*** Opening of Provided records ***

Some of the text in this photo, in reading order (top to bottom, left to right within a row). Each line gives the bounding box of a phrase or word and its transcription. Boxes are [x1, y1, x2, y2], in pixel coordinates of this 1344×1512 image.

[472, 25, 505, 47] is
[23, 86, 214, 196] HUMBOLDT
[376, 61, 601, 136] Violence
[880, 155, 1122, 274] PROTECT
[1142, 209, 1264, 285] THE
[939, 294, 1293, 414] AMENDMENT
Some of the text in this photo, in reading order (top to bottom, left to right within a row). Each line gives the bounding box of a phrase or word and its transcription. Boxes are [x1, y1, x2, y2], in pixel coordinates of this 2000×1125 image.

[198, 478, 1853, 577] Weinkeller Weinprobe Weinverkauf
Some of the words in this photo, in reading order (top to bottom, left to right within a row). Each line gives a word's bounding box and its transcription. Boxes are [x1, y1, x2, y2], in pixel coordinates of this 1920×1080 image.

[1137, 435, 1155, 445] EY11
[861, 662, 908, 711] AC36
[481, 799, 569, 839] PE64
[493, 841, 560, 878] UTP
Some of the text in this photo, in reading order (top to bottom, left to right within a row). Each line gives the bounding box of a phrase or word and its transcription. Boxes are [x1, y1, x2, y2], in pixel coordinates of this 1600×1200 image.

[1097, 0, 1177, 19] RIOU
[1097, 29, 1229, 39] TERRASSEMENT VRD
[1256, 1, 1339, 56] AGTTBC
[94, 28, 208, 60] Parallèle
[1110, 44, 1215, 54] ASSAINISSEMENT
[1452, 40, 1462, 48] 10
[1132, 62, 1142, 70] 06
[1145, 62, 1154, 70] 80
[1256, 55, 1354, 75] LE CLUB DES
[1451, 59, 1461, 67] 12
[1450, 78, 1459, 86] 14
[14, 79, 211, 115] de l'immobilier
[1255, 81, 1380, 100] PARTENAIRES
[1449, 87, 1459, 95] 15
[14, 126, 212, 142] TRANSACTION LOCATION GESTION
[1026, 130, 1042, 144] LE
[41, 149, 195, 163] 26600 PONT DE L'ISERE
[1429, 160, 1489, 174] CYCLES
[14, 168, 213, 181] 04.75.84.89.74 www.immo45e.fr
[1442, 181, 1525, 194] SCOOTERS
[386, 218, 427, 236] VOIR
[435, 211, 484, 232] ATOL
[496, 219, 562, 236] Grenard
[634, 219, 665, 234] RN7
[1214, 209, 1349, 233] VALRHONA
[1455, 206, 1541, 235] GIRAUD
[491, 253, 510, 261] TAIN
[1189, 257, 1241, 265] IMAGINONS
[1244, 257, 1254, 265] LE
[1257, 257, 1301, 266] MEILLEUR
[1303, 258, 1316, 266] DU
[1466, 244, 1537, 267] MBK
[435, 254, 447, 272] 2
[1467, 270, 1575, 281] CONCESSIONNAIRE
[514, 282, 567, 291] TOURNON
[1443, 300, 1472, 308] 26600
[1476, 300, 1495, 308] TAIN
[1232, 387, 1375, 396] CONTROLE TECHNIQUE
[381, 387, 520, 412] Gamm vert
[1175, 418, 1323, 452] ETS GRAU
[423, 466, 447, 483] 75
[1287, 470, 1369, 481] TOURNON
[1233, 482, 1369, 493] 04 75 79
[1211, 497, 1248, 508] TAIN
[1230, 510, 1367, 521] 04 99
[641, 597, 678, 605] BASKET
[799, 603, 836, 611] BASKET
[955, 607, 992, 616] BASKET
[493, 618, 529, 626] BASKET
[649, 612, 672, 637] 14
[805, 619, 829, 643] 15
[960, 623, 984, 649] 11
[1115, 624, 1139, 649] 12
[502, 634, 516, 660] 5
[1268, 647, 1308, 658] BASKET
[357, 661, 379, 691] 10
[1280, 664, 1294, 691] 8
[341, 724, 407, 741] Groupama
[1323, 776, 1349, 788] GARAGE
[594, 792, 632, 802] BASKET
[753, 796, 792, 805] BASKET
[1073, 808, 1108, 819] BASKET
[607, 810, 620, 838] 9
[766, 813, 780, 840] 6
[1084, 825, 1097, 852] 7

*** Close of Provided records ***

**The problem:** Each line of the material is to be copied exactly.

**Worked solution:**
Some of the text in this photo, in reading order (top to bottom, left to right within a row). Each line gives the bounding box of a phrase or word and its transcription. Boxes are [x1, y1, x2, y2], in pixel coordinates of this 1344×1512 image.

[472, 25, 505, 47] is
[23, 86, 214, 196] HUMBOLDT
[376, 61, 601, 136] Violence
[880, 155, 1122, 274] PROTECT
[1142, 209, 1264, 285] THE
[939, 294, 1293, 414] AMENDMENT
Some of the text in this photo, in reading order (top to bottom, left to right within a row). Each line gives the bounding box of a phrase or word and its transcription. Boxes are [x1, y1, x2, y2], in pixel coordinates of this 2000×1125 image.

[198, 478, 1853, 577] Weinkeller Weinprobe Weinverkauf
Some of the words in this photo, in reading order (top to bottom, left to right within a row). Each line gives a word's bounding box and its transcription. Boxes are [x1, y1, x2, y2], in pixel coordinates of this 1920×1080 image.

[1137, 435, 1155, 445] EY11
[861, 662, 908, 711] AC36
[481, 799, 569, 839] PE64
[493, 841, 560, 878] UTP
Some of the text in this photo, in reading order (top to bottom, left to right within a row). Each line gives the bounding box of a phrase or word and its transcription. Boxes are [x1, y1, x2, y2], in pixel coordinates of this 1600×1200 image.

[1097, 0, 1177, 19] RIOU
[1097, 29, 1229, 39] TERRASSEMENT VRD
[1256, 1, 1339, 56] AGTTBC
[94, 28, 208, 60] Parallèle
[1110, 44, 1215, 54] ASSAINISSEMENT
[1452, 40, 1462, 48] 10
[1132, 62, 1142, 70] 06
[1145, 62, 1154, 70] 80
[1256, 55, 1354, 75] LE CLUB DES
[1451, 59, 1461, 67] 12
[1450, 78, 1459, 86] 14
[14, 79, 211, 115] de l'immobilier
[1255, 81, 1380, 100] PARTENAIRES
[1449, 87, 1459, 95] 15
[14, 126, 212, 142] TRANSACTION LOCATION GESTION
[1026, 130, 1042, 144] LE
[41, 149, 195, 163] 26600 PONT DE L'ISERE
[1429, 160, 1489, 174] CYCLES
[14, 168, 213, 181] 04.75.84.89.74 www.immo45e.fr
[1442, 181, 1525, 194] SCOOTERS
[386, 218, 427, 236] VOIR
[435, 211, 484, 232] ATOL
[496, 219, 562, 236] Grenard
[634, 219, 665, 234] RN7
[1214, 209, 1349, 233] VALRHONA
[1455, 206, 1541, 235] GIRAUD
[491, 253, 510, 261] TAIN
[1189, 257, 1241, 265] IMAGINONS
[1244, 257, 1254, 265] LE
[1257, 257, 1301, 266] MEILLEUR
[1303, 258, 1316, 266] DU
[1466, 244, 1537, 267] MBK
[435, 254, 447, 272] 2
[1467, 270, 1575, 281] CONCESSIONNAIRE
[514, 282, 567, 291] TOURNON
[1443, 300, 1472, 308] 26600
[1476, 300, 1495, 308] TAIN
[1232, 387, 1375, 396] CONTROLE TECHNIQUE
[381, 387, 520, 412] Gamm vert
[1175, 418, 1323, 452] ETS GRAU
[423, 466, 447, 483] 75
[1287, 470, 1369, 481] TOURNON
[1233, 482, 1369, 493] 04 75 79
[1211, 497, 1248, 508] TAIN
[1230, 510, 1367, 521] 04 99
[641, 597, 678, 605] BASKET
[799, 603, 836, 611] BASKET
[955, 607, 992, 616] BASKET
[493, 618, 529, 626] BASKET
[649, 612, 672, 637] 14
[805, 619, 829, 643] 15
[960, 623, 984, 649] 11
[1115, 624, 1139, 649] 12
[502, 634, 516, 660] 5
[1268, 647, 1308, 658] BASKET
[357, 661, 379, 691] 10
[1280, 664, 1294, 691] 8
[341, 724, 407, 741] Groupama
[1323, 776, 1349, 788] GARAGE
[594, 792, 632, 802] BASKET
[753, 796, 792, 805] BASKET
[1073, 808, 1108, 819] BASKET
[607, 810, 620, 838] 9
[766, 813, 780, 840] 6
[1084, 825, 1097, 852] 7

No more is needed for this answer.